We decided from the start that I would stay at home with our son.  I didn’t want to miss anything, and my chronic illness (Lupus) makes full-time work outside the home a dicey proposition, anyway.  But motherhood to a small child can be isolating, even boring.  When you spend all your time talking to a 2-year-old, you start to feel like your mind is turning to mush.  When this feeling began to depress me, I turned to writing.  Suddenly, my mental wheels were turning, and I had an emotional, artistic, and intellectual outlet.  Would I have rediscovered this passion were I still working a normal job?  I doubt it.
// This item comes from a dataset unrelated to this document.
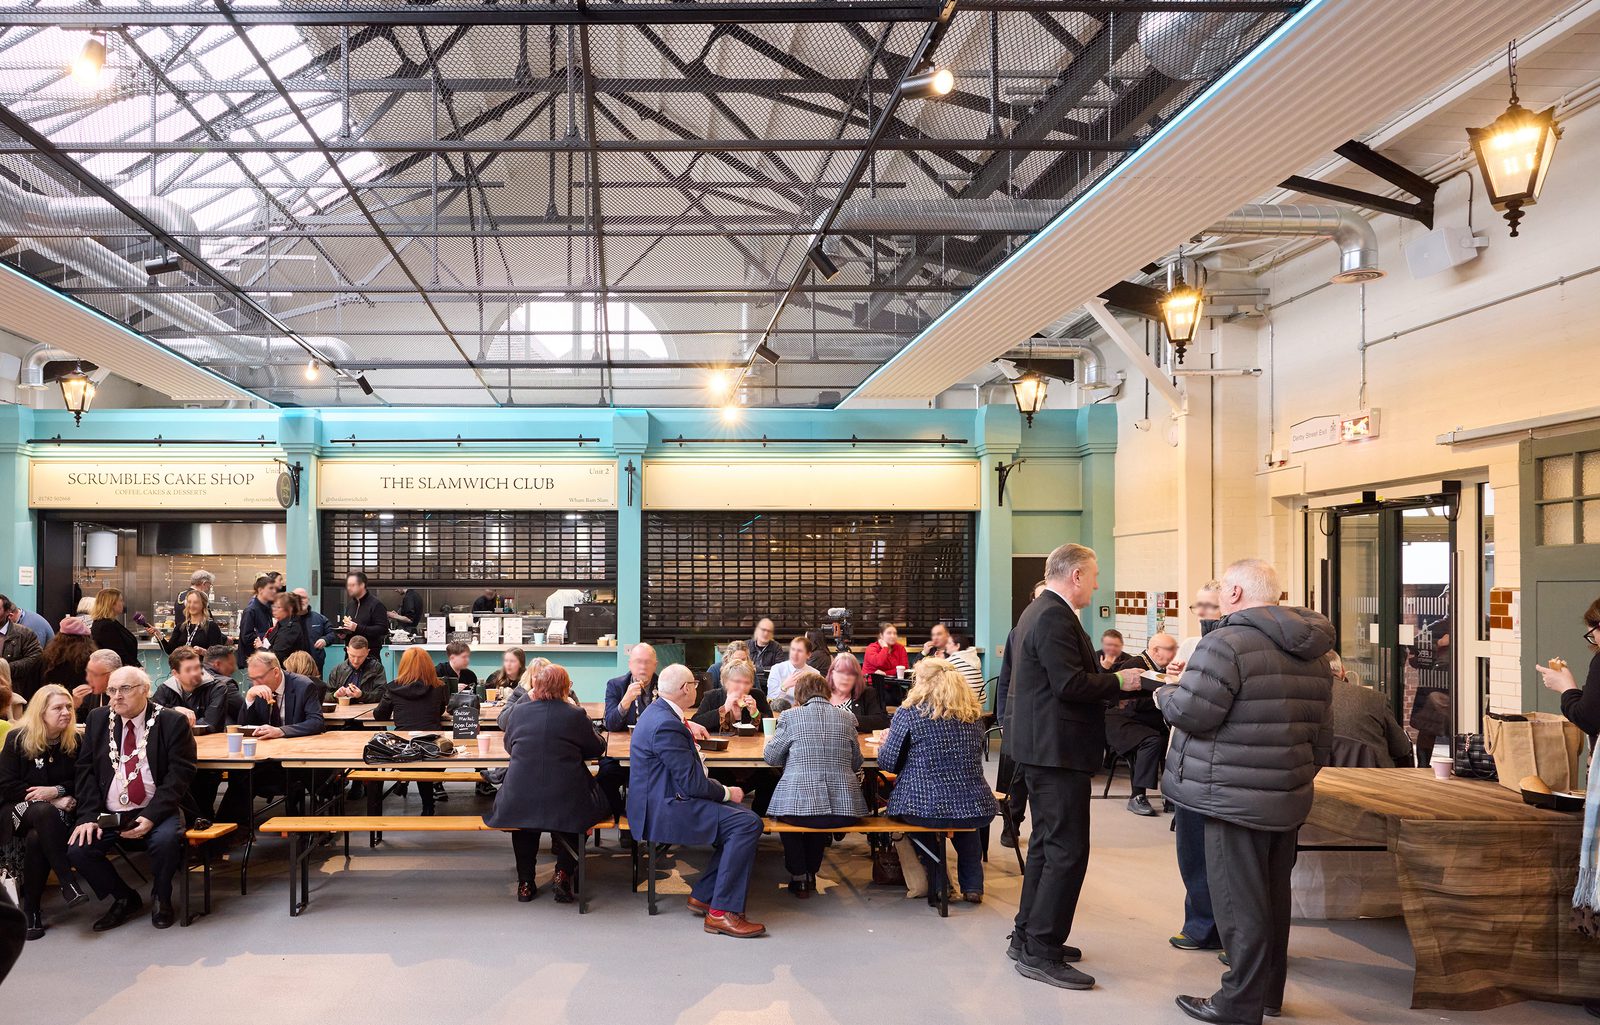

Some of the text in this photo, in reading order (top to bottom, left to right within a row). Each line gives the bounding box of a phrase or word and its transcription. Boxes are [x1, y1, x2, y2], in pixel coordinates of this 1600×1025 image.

[67, 472, 255, 485] SCRUMBLES CAKE SHOP
[380, 476, 555, 490] THE SLAMWICH CLUB
Having a child has also affected my taste in reading.  For example, I could not get through Hunger Games.  I could tell it was a great book, but I could not handle the idea of all those kids killing each other.  As soon as Rue was introduced, all I could think was, “I bet she dies first.  Nope.  Noooope.  Nopey, nope, nope.”  I can handle a kid being in some danger in a book, but with a new baby in the house and in my heart, I needed some confidence that things would turn out okay.  This has pretty much become a “no dead kids rule” as far as my “to be read” list is concerned.

This distaste for dead children carries over into my own work.  I made November turn 18 in the first few chapters of She Dies at the End (November Snow Book 1) because I didn’t want her to be going through all that drama as a child.  I made sure that Carlos, the only child in the book, though very much traumatized by the villain, is protected by all the other “good guy” characters.  (Spoiler alert— he doesn’t die.)  Even that was pushing my limits.  I know kids die in real life all the time.  I simply do not need to face that in my escapist fiction.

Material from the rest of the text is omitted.